In biblical times, a spotless, perfect lamb was sacrificed for the seder meal, and it is sometimes still eaten at Pesach, though only Samaritans, living in the West Bank (Judea and Samaria), still enact the ritual slaughter. Today, most families serve other meats. Regardless of what is on the menu, the meal is always very special.

Symbolic foods are eaten: maror (bitter herbs), symbolizing the bitterness of slavery; karpas (parsley), dipped in very salty water, recalling the tears of servitude; a roasted egg, symbolizing life; a lamb shank bone, representing the sacrificial lamb; andharoset (an apple-nut mix) for the mortar used to make bricks. Four cups of wine are also drunk, one of which is recorded in the account of Yeshua’s (Jesus’s) last meal with His disciples.

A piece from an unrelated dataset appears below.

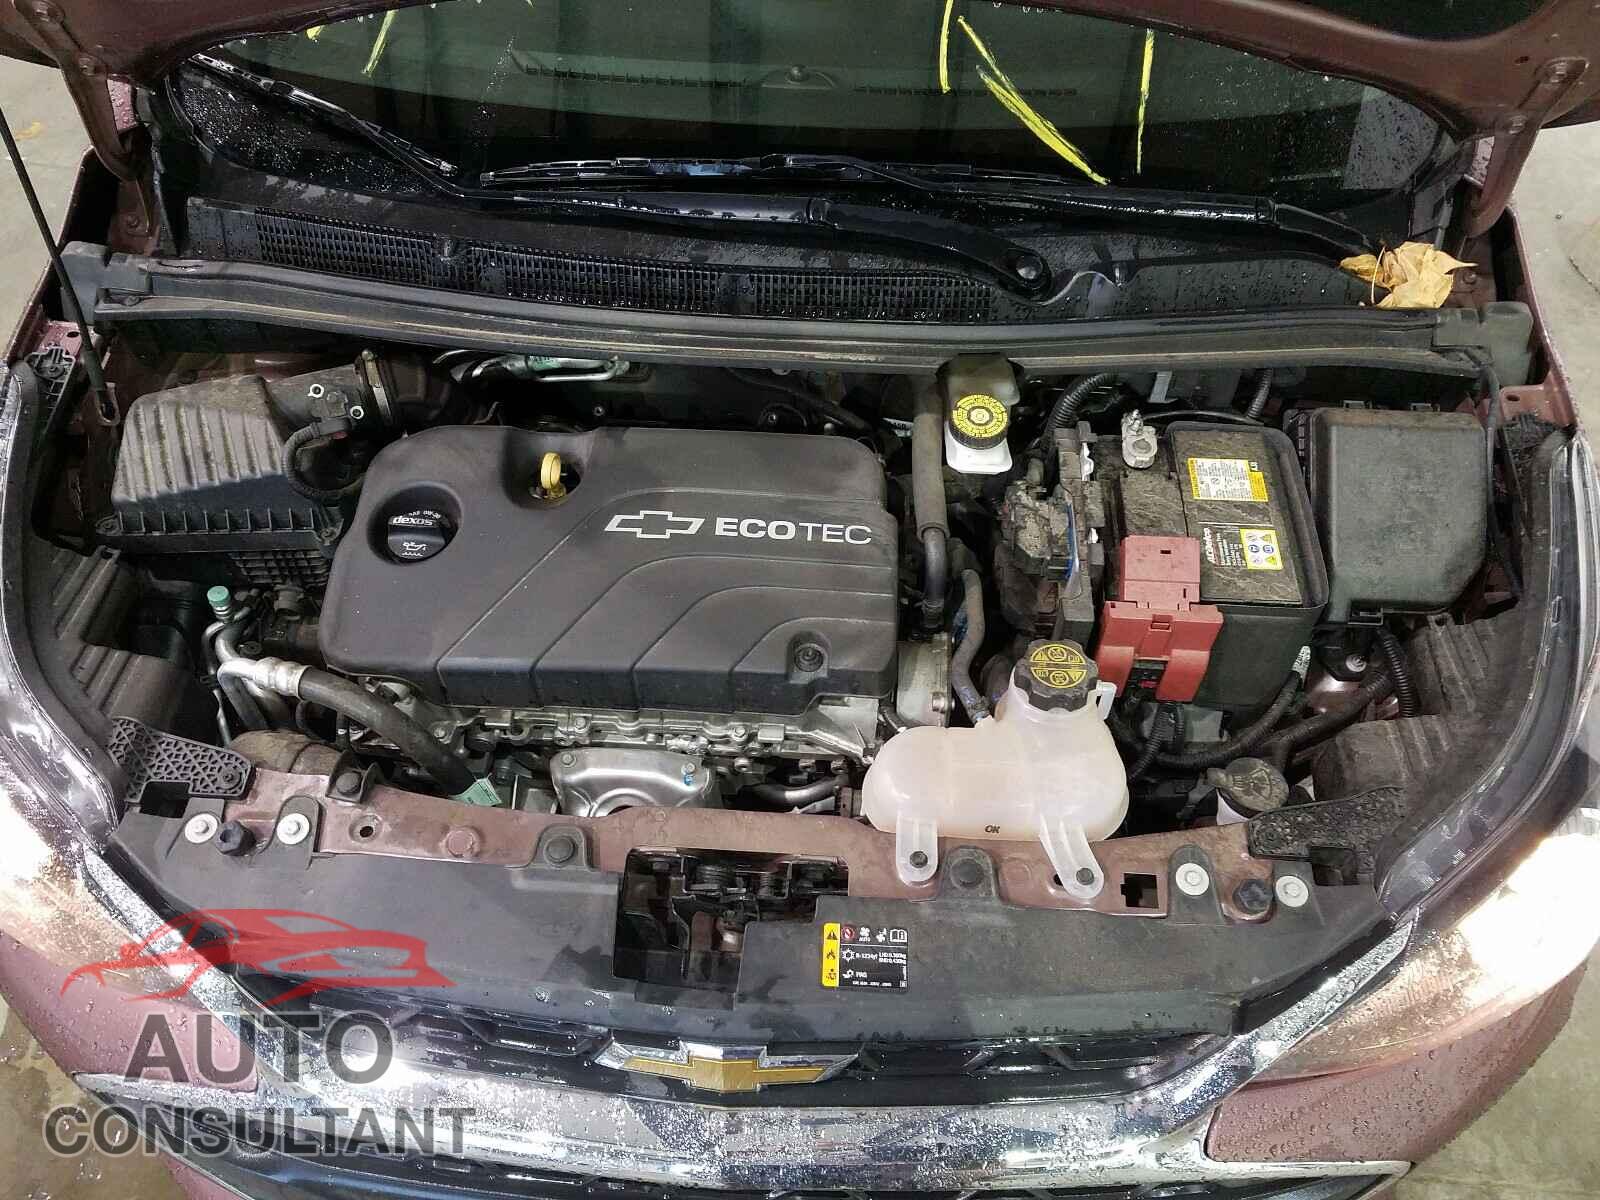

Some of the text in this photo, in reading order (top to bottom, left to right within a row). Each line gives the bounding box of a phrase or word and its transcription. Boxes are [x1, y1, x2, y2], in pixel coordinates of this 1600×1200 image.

[392, 516, 433, 526] dexos
[715, 517, 872, 545] ECOTEC
[984, 824, 1001, 834] OK

Did you realize that the Last Supper was a Pesach meal? This makes this holiday deeply significant to Christians as well. As Christians, we are thankful that Yeshua became our Passover lamb, as the only sinless man in history, who was sacrificed for our sin. It is believed that Yeshua was crucified at the very time the Passover lambs were being offered on the Temple Mount. This is what is celebrated in Christendom as Good Friday.

During theseder, three pieces of unleavened bread (matzah) are ceremonially set aside. The matzah is striped and pierced in appearance, reminding Christians of the stripes Yeshua received by the whips of the Roman guards and how He was pierced with a sword. What a picture of the sacrificial gift of Yeshua’s life! The middle matzah is called the afikomen. At one point in the meal, it is taken out, broken in half, wrapped in linen, and hidden, just as Yeshua’s body was wrapped in linen and hidden in the grave. Later in the evening, the children are invited to search for it, and the one who finds it rejoices greatly and is given a reward.

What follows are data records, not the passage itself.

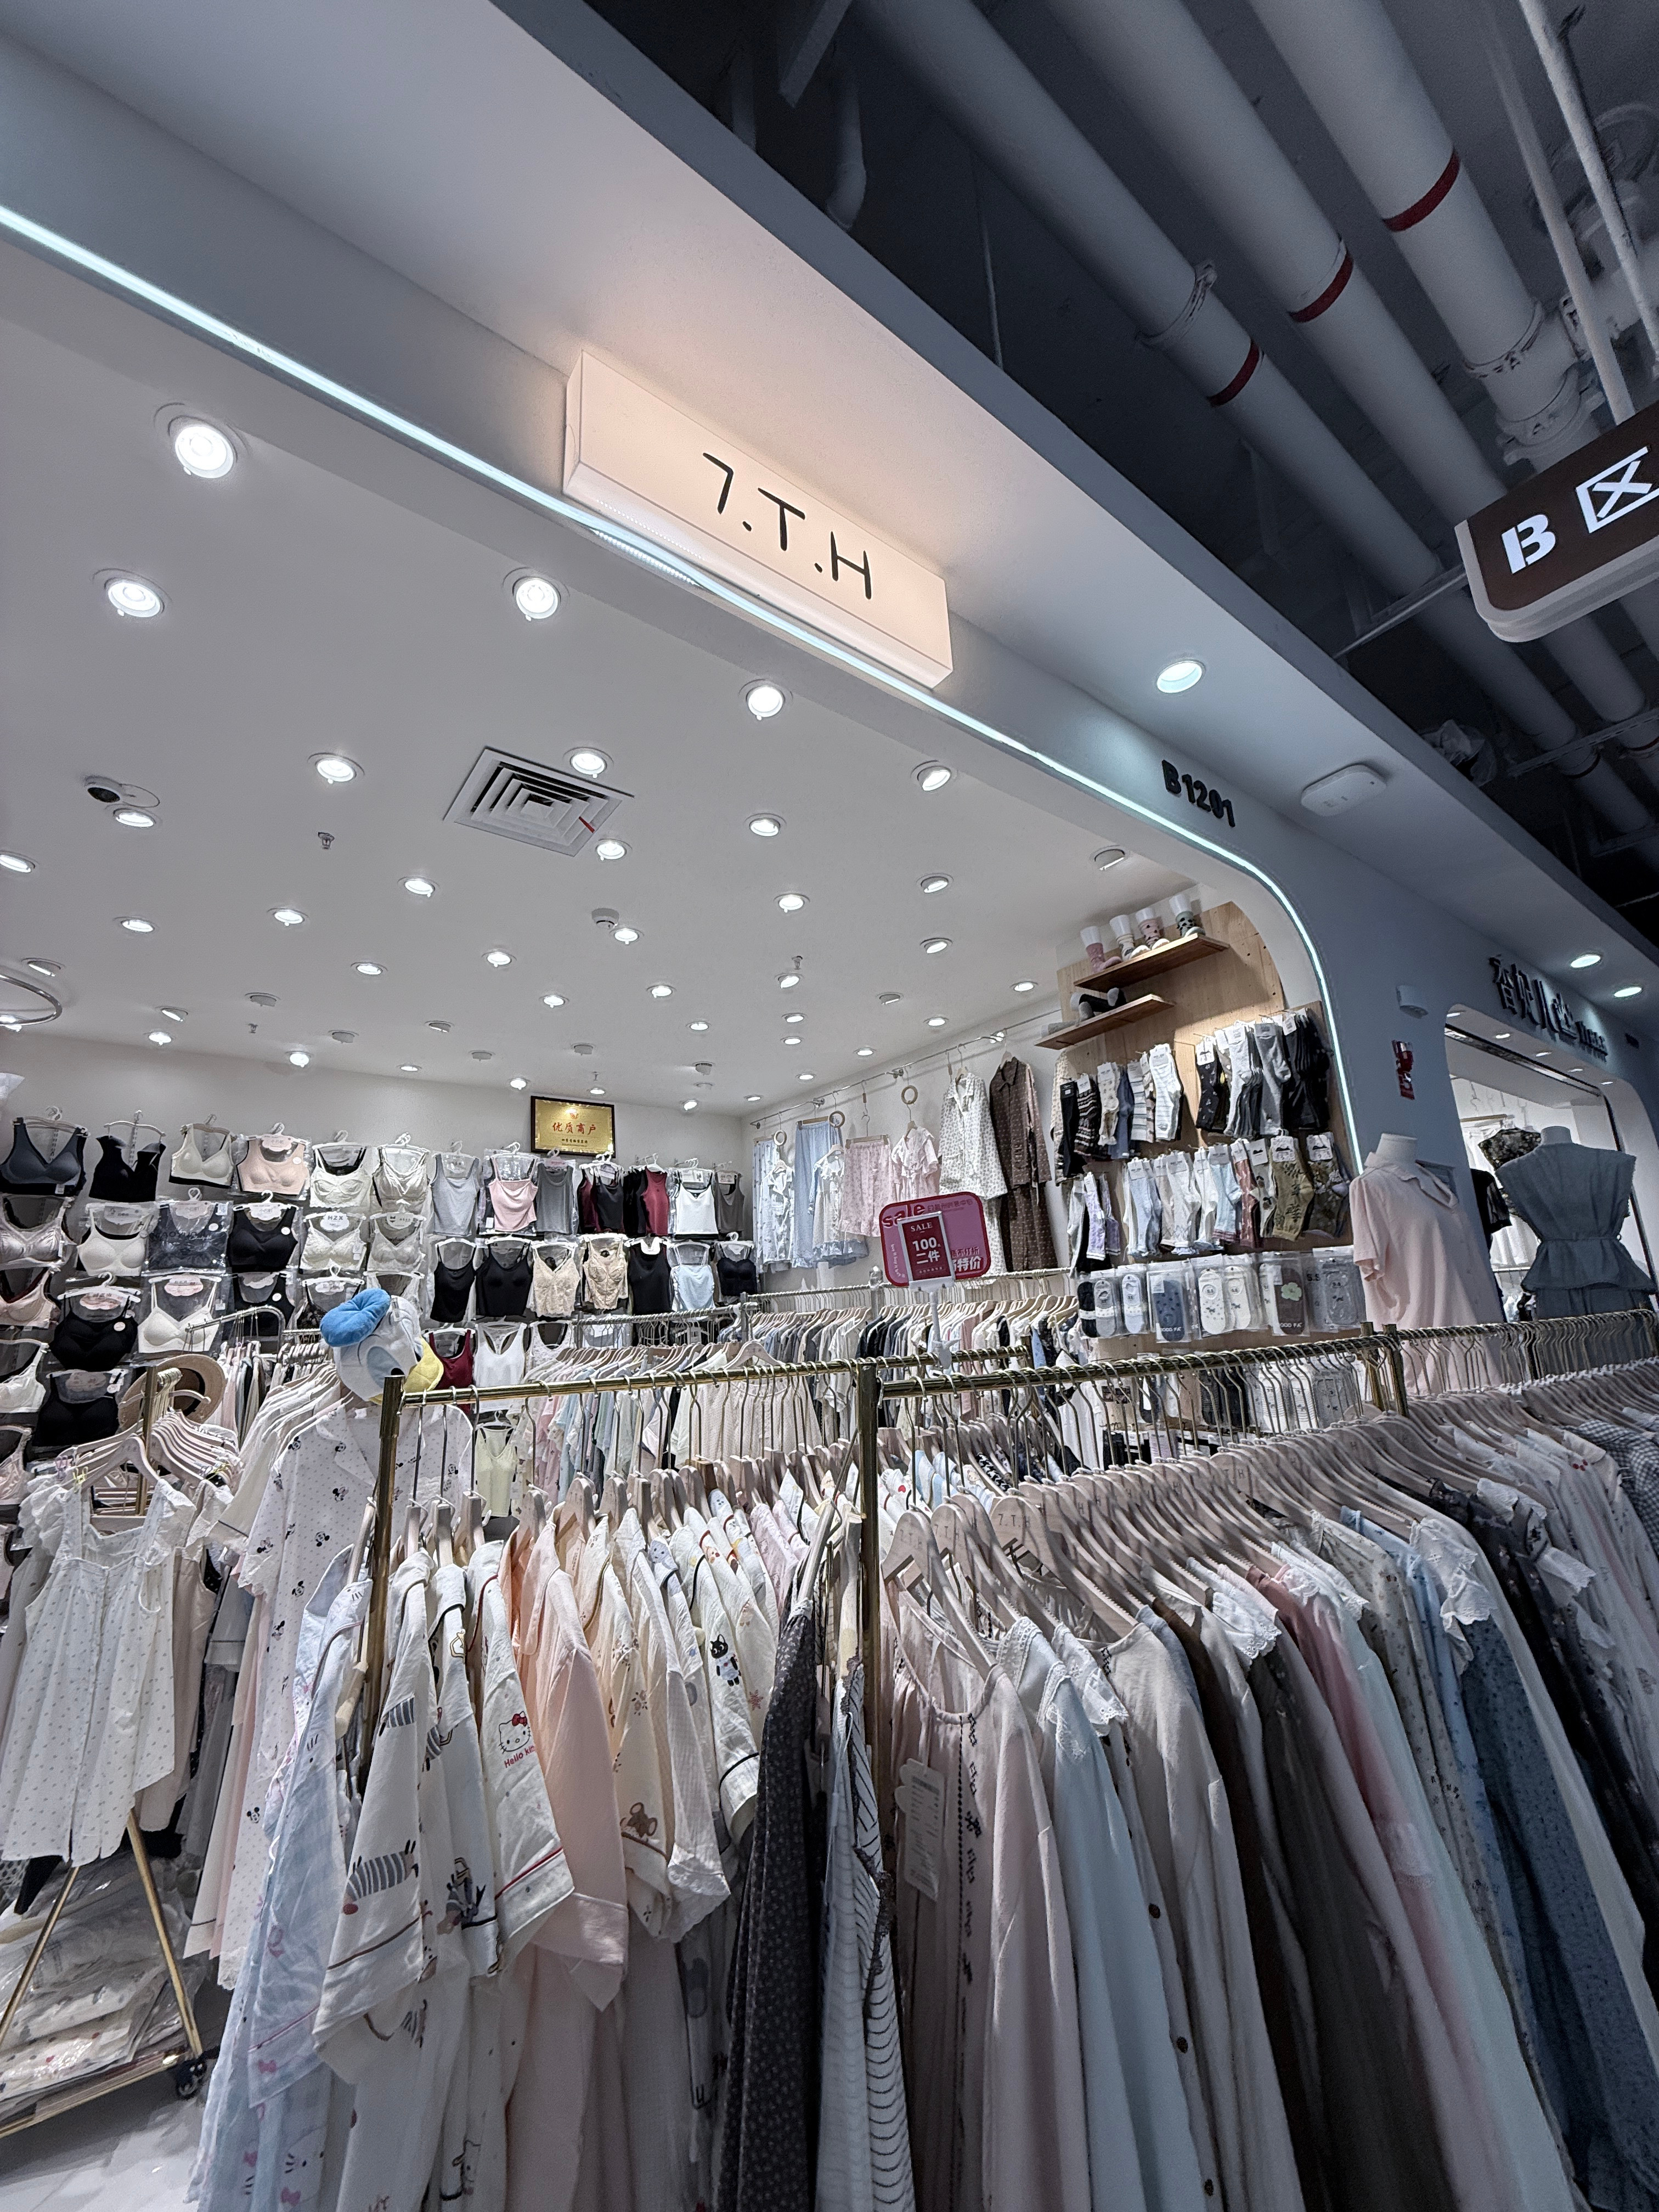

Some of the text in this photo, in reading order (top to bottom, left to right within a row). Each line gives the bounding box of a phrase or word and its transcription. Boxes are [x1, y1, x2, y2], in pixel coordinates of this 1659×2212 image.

[702, 452, 872, 600] 7.T.H
[1161, 759, 1235, 827] B1201
[552, 1122, 596, 1135] 优质商户
[911, 1222, 933, 1232] SALE
[916, 1250, 940, 1264] 二件
[504, 1752, 523, 1768] Hello

I recommend that every Christian experience a Passover seder at least once, as it helps us to understand what happened at the Last Supper. It was three days later duringPesach nearly 2,000 years ago that Yeshua rose again, a cause for great rejoicing by believers ever since. Unfortunately, sometimes our celebration of Resurrection Day (Easter) is not commemorated at the same time as Pesach, thus separating the two, so Christians often don’t make the connection and forget that Yeshua was resurrected during the week of Pesach.

Counting the Omer

The next spring biblical festival that we will cover is Shavuot (Pentecost). What is often missed is what happens between Pesach and Shavuot, but the 50 days between are also part of God’s commandments concerning the festivals (Lev. 23:15–16). This seven-week time period, which we’re instructed to count daily, is called the Counting of the Omer. (An omer was a measure of grain or dry goods amounting to about 1/2 gallon or 3.8 liters.) We count omers because it takes place between the barley and wheat harvests. On each of these days of counting, a blessing is said to thank God for His provision.

There is much more to Pesach than can be explained in this short article. It is a time of celebration in which both Christians and Jews find rich meaning. While the Jewish people commemorate the Exodus from Egypt and Christians celebrate the Last Supper of Yeshua, all of us are celebrating the deliverance of God from bondage. So, if you have a chance to attend a seder, run, don’t walk. It will be an event to remember.